▶ [Material shown]
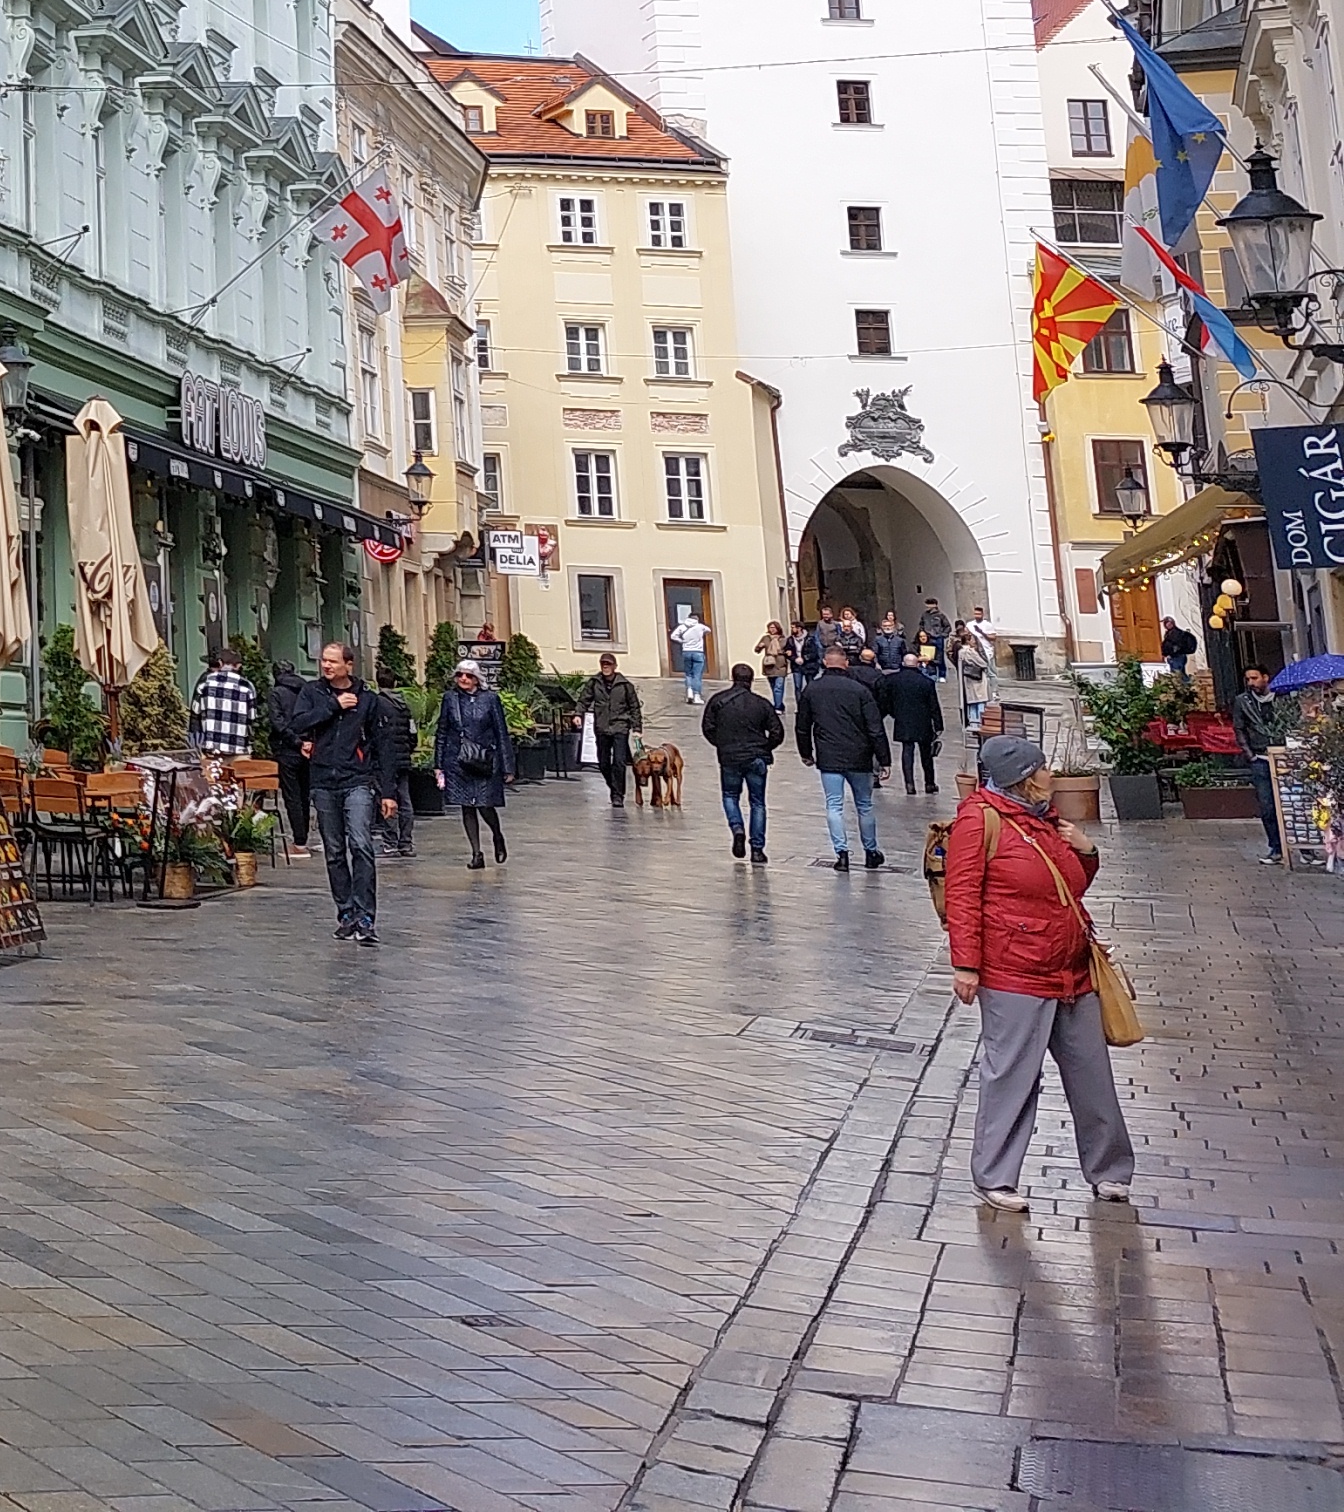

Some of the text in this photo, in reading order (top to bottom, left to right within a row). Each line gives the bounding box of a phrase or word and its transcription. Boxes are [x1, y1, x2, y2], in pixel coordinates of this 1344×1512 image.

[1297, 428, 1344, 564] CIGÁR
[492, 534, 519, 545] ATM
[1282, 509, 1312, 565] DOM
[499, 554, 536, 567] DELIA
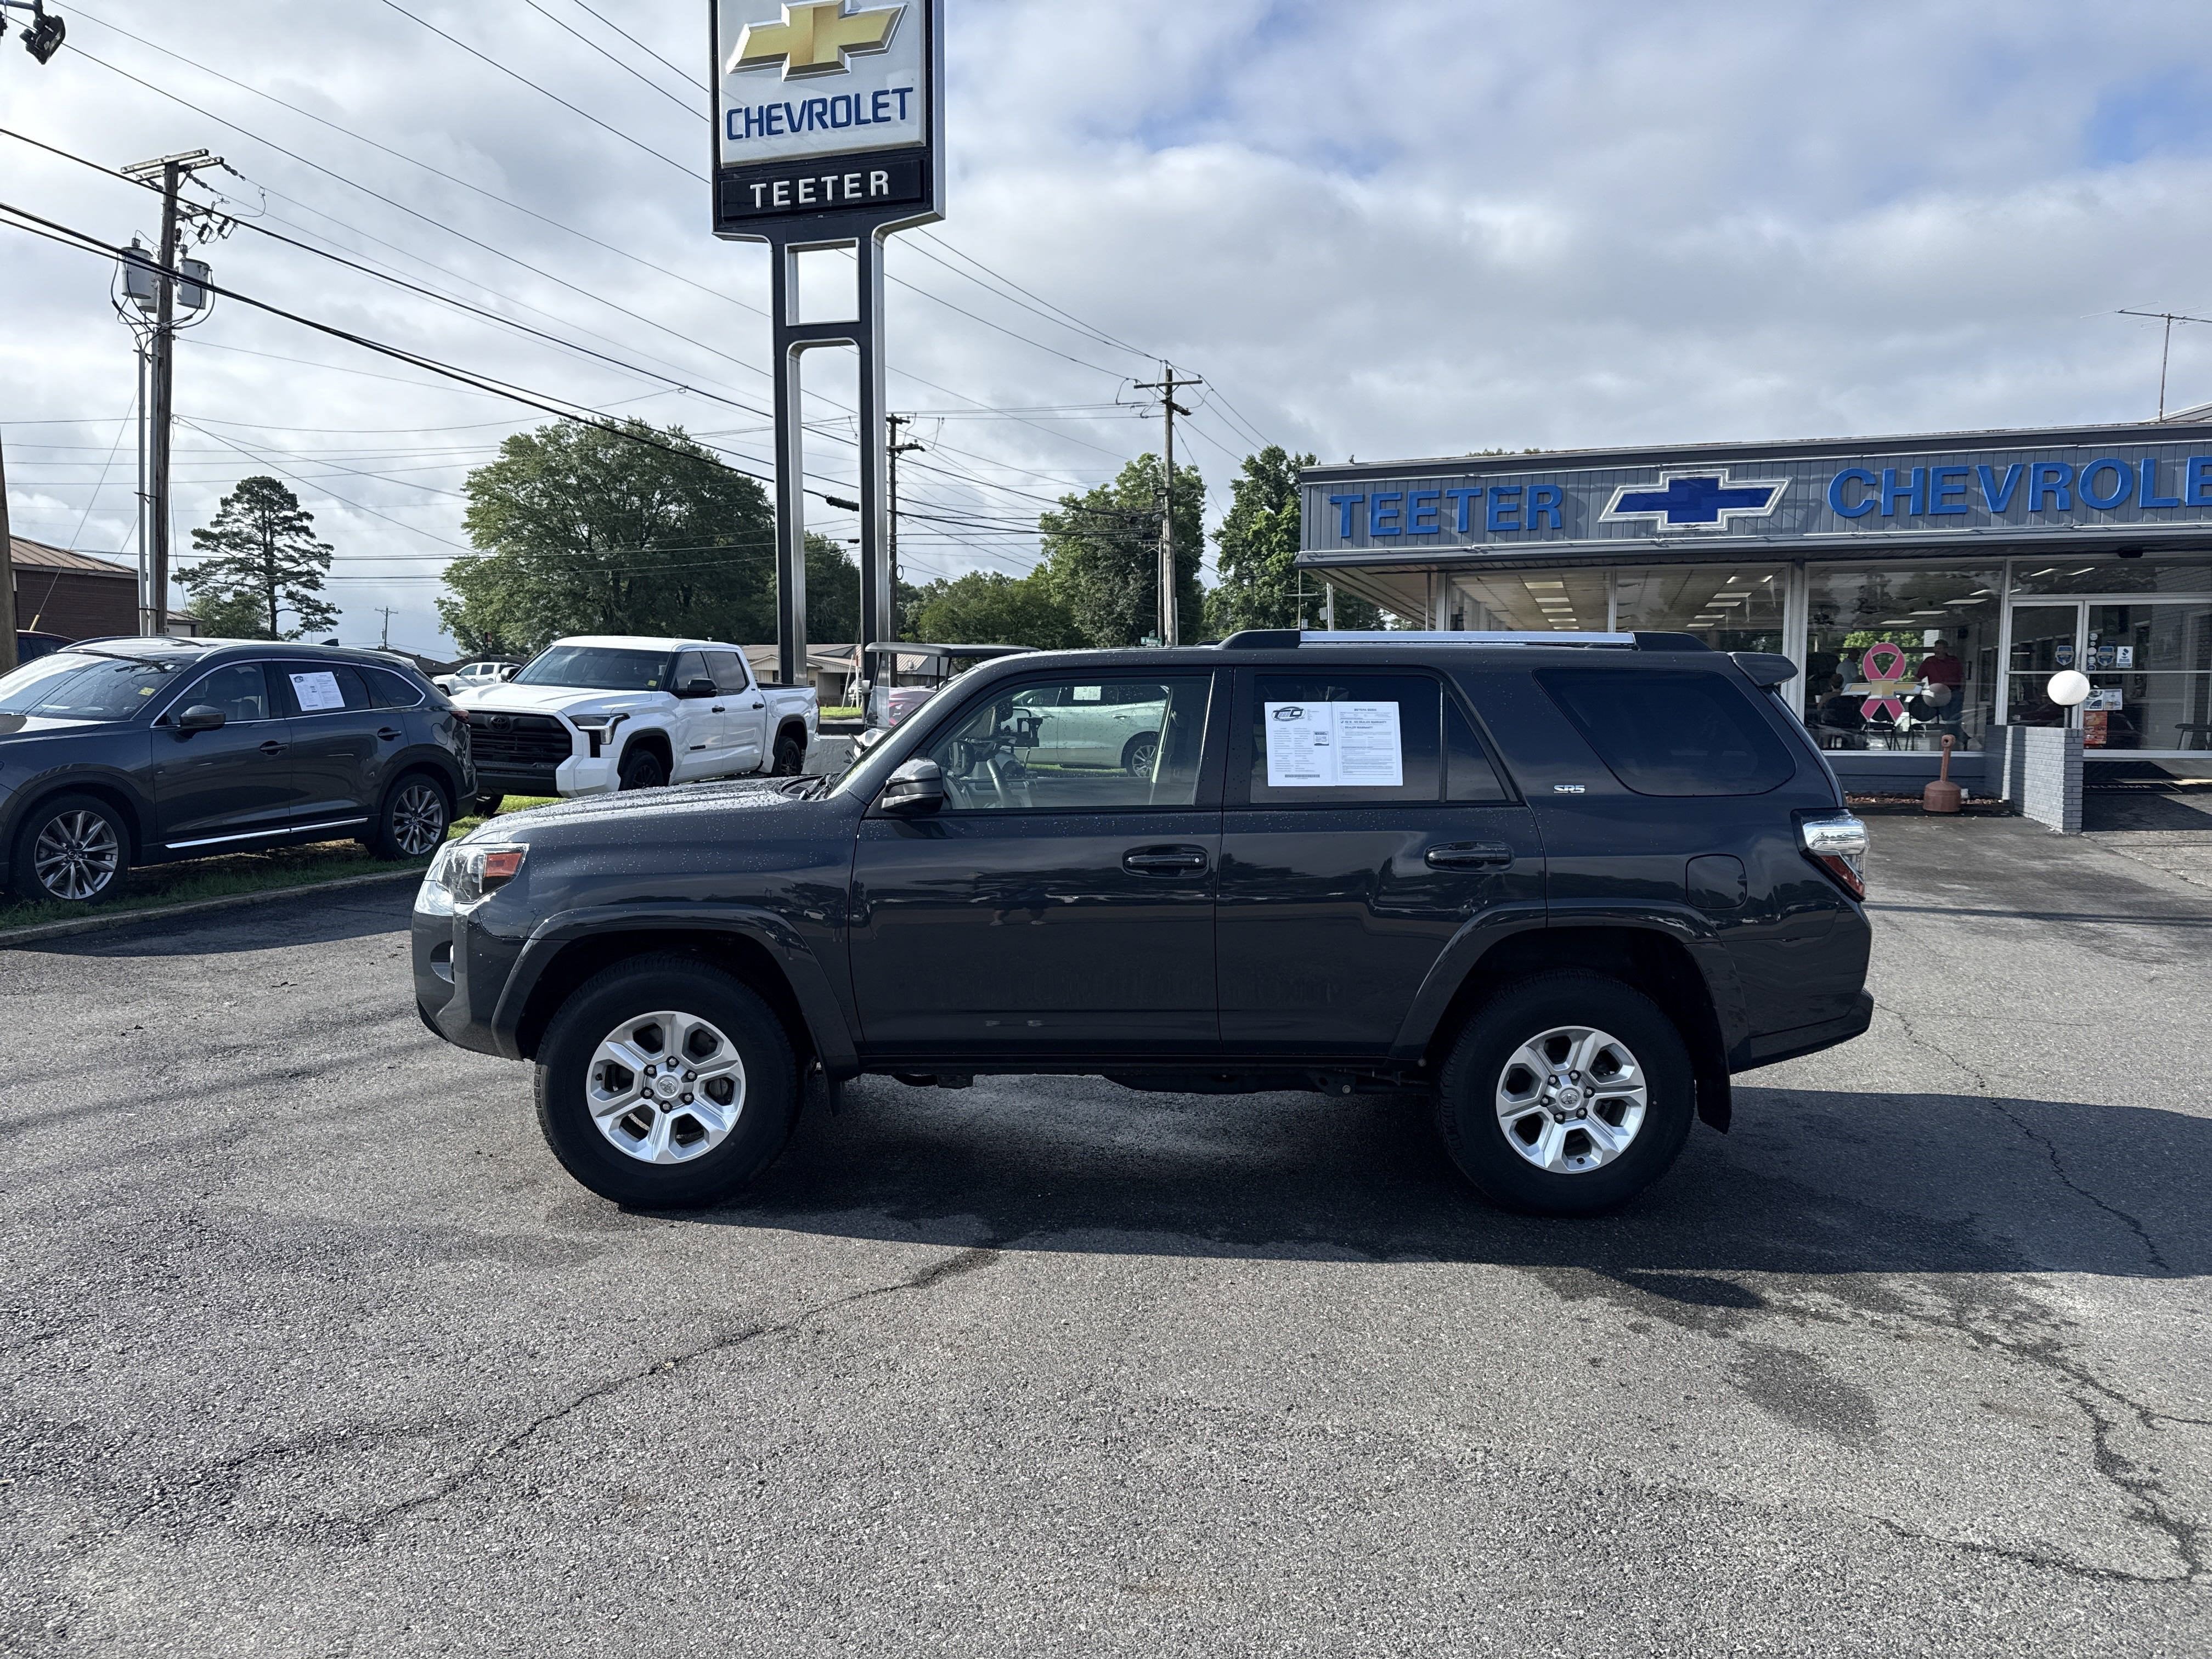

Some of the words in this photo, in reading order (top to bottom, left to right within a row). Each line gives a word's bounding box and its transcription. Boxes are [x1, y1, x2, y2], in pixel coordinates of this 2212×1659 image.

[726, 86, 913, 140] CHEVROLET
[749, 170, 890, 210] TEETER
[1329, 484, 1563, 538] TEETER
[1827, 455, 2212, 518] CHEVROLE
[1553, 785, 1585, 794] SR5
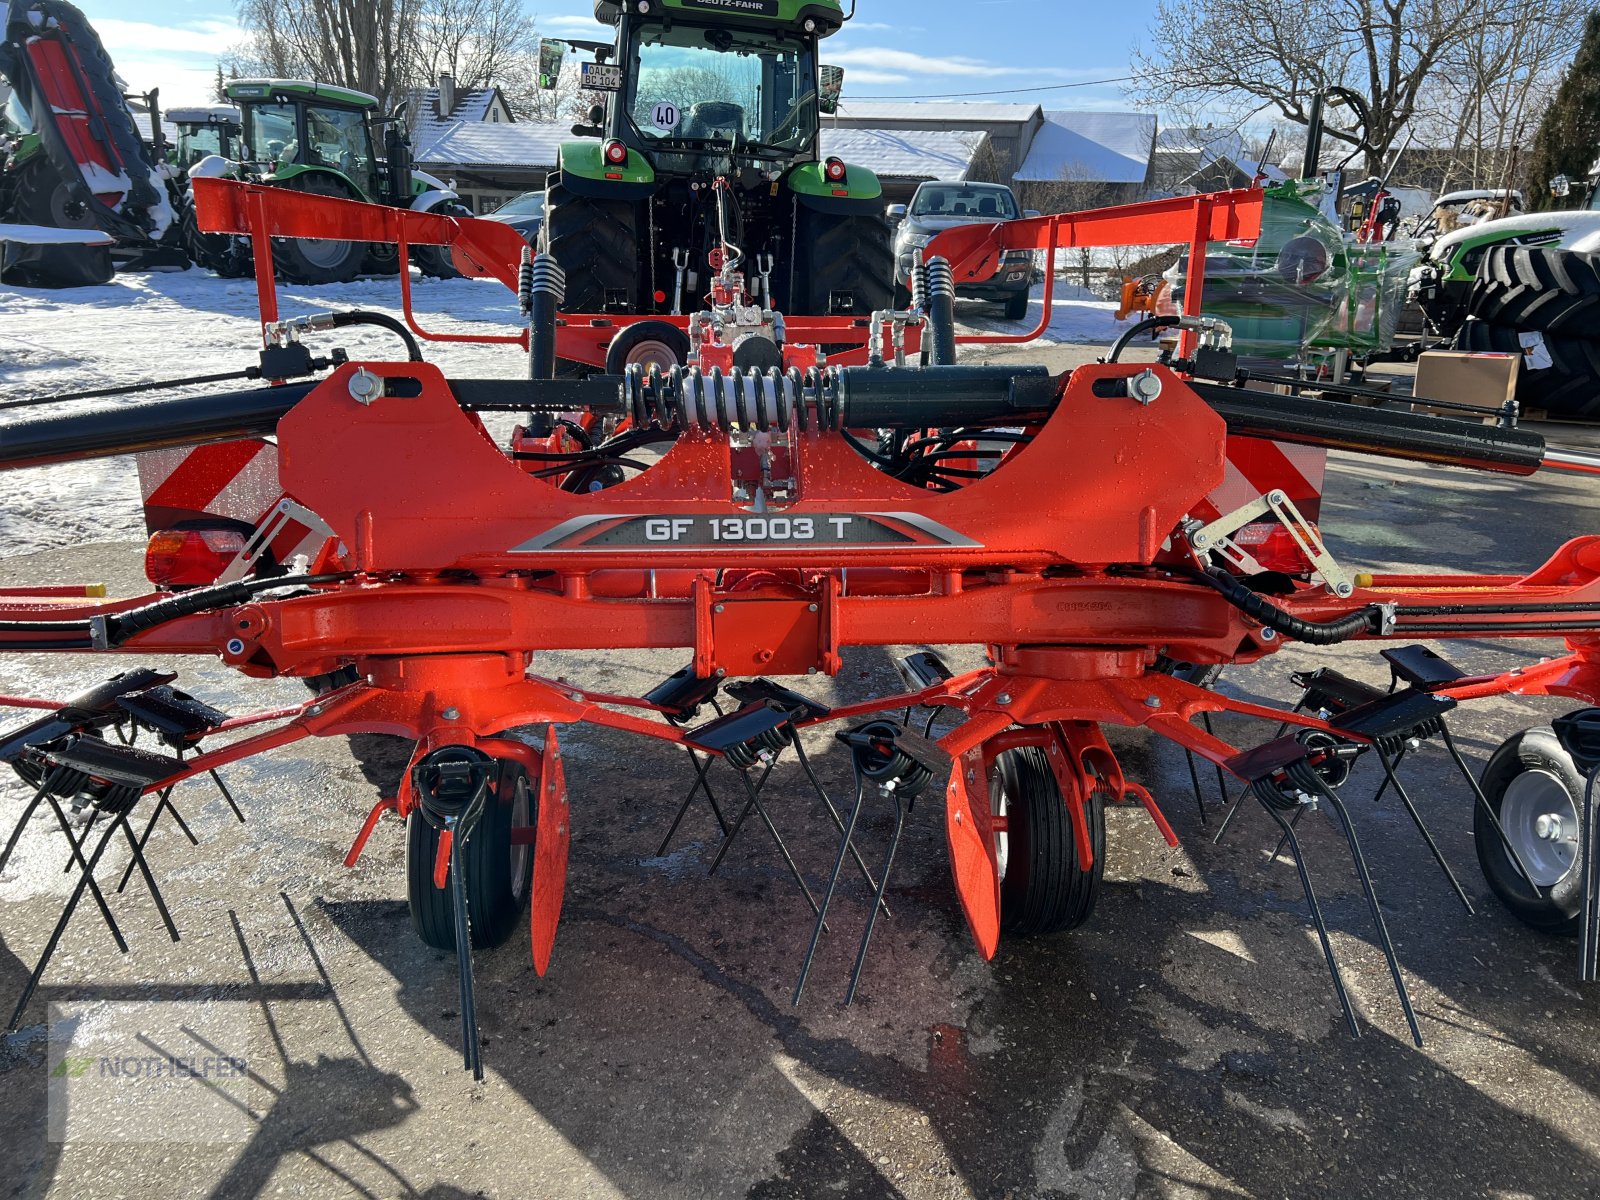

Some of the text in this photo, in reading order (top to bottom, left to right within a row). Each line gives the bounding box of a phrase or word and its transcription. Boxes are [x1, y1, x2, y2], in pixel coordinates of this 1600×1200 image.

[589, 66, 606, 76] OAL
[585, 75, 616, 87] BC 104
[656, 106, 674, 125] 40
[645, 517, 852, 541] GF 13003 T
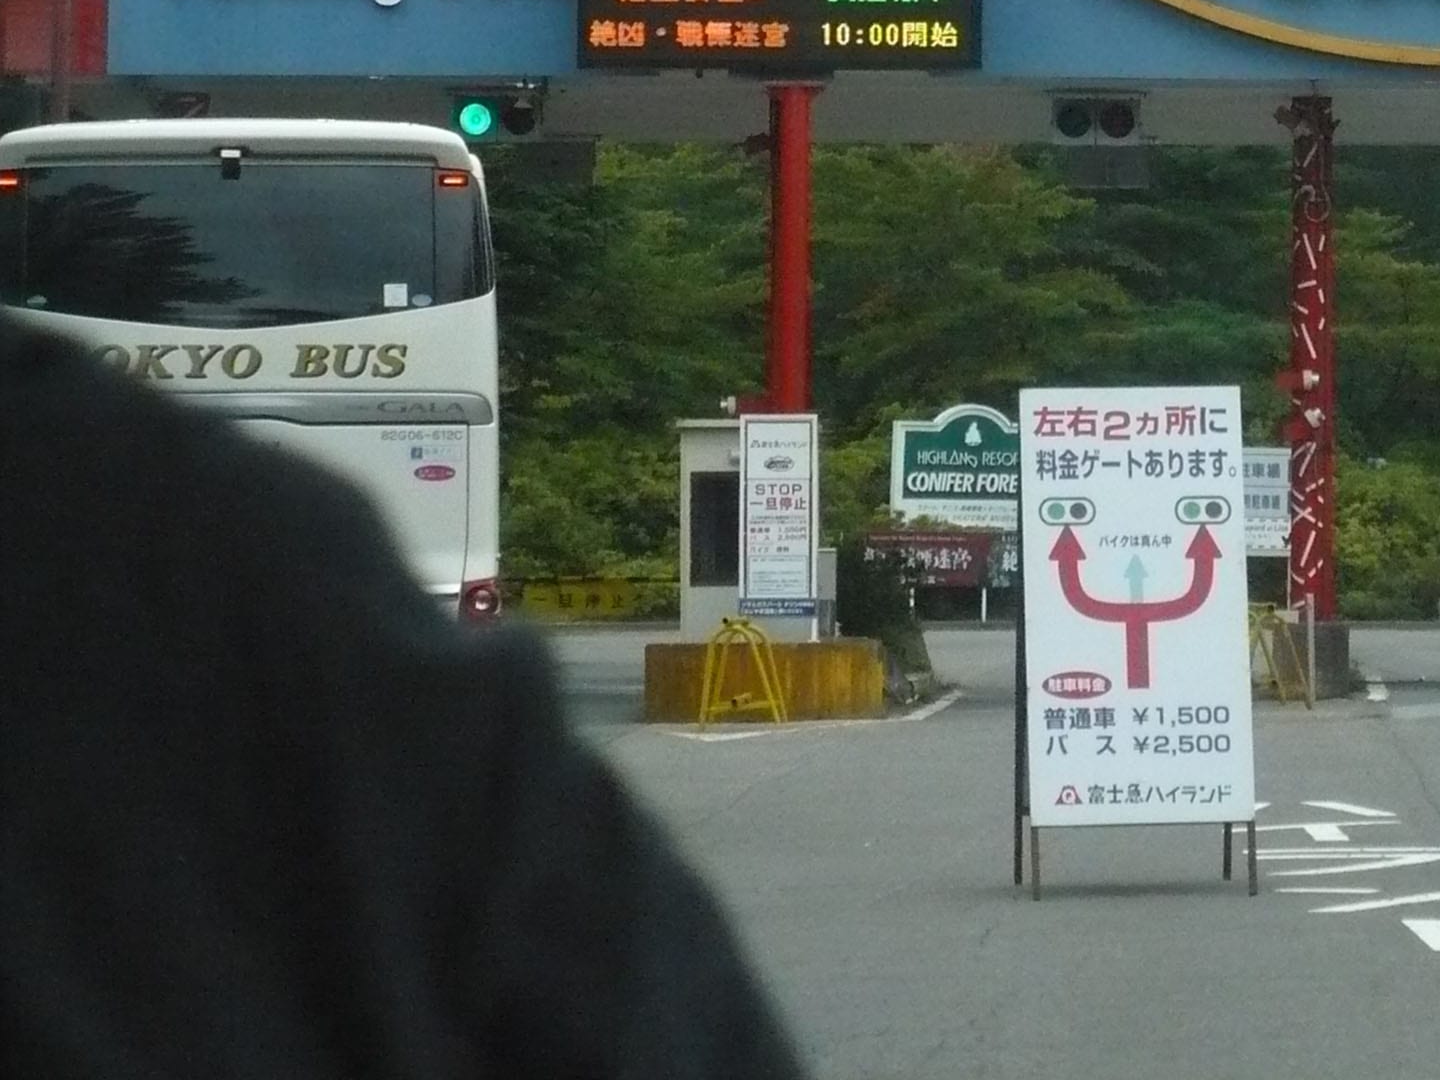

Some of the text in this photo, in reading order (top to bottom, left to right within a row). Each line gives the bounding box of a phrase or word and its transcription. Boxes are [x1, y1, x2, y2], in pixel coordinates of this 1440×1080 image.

▶ [What the task requires] Once the pictures are set aside, repeat the data above exactly as written.

▶ [Response area]
Some of the text in this photo, in reading order (top to bottom, left to right within a row). Each line gives the bounding box of a phrase or word and its transcription. Boxes are [x1, y1, x2, y2], in pixel coordinates of this 1344×1512 image.

[1297, 428, 1344, 564] CIGÁR
[492, 534, 519, 545] ATM
[1282, 509, 1312, 565] DOM
[499, 554, 536, 567] DELIA

Some of the words in this photo, in reading order (top to bottom, left to right within a row). Each line gives a word's bounding box and its transcription. Boxes are [x1, y1, x2, y2], in pixel coordinates of this 2212×1659 image.

[726, 86, 913, 140] CHEVROLET
[749, 170, 890, 210] TEETER
[1329, 484, 1563, 538] TEETER
[1827, 455, 2212, 518] CHEVROLE
[1553, 785, 1585, 794] SR5

Some of the text in this photo, in reading order (top to bottom, left to right within a row). Each line gives the bounding box of a phrase or word and its transcription. Boxes are [x1, y1, x2, y2], in pixel coordinates of this 1600×1200 image.

[589, 66, 606, 76] OAL
[585, 75, 616, 87] BC 104
[656, 106, 674, 125] 40
[645, 517, 852, 541] GF 13003 T

Some of the text in this photo, in reading order (top to bottom, left to right within a row). Each line gives the bounding box of a phrase or word and its transcription. Boxes are [x1, y1, x2, y2], in pixel coordinates of this 1440×1080 image.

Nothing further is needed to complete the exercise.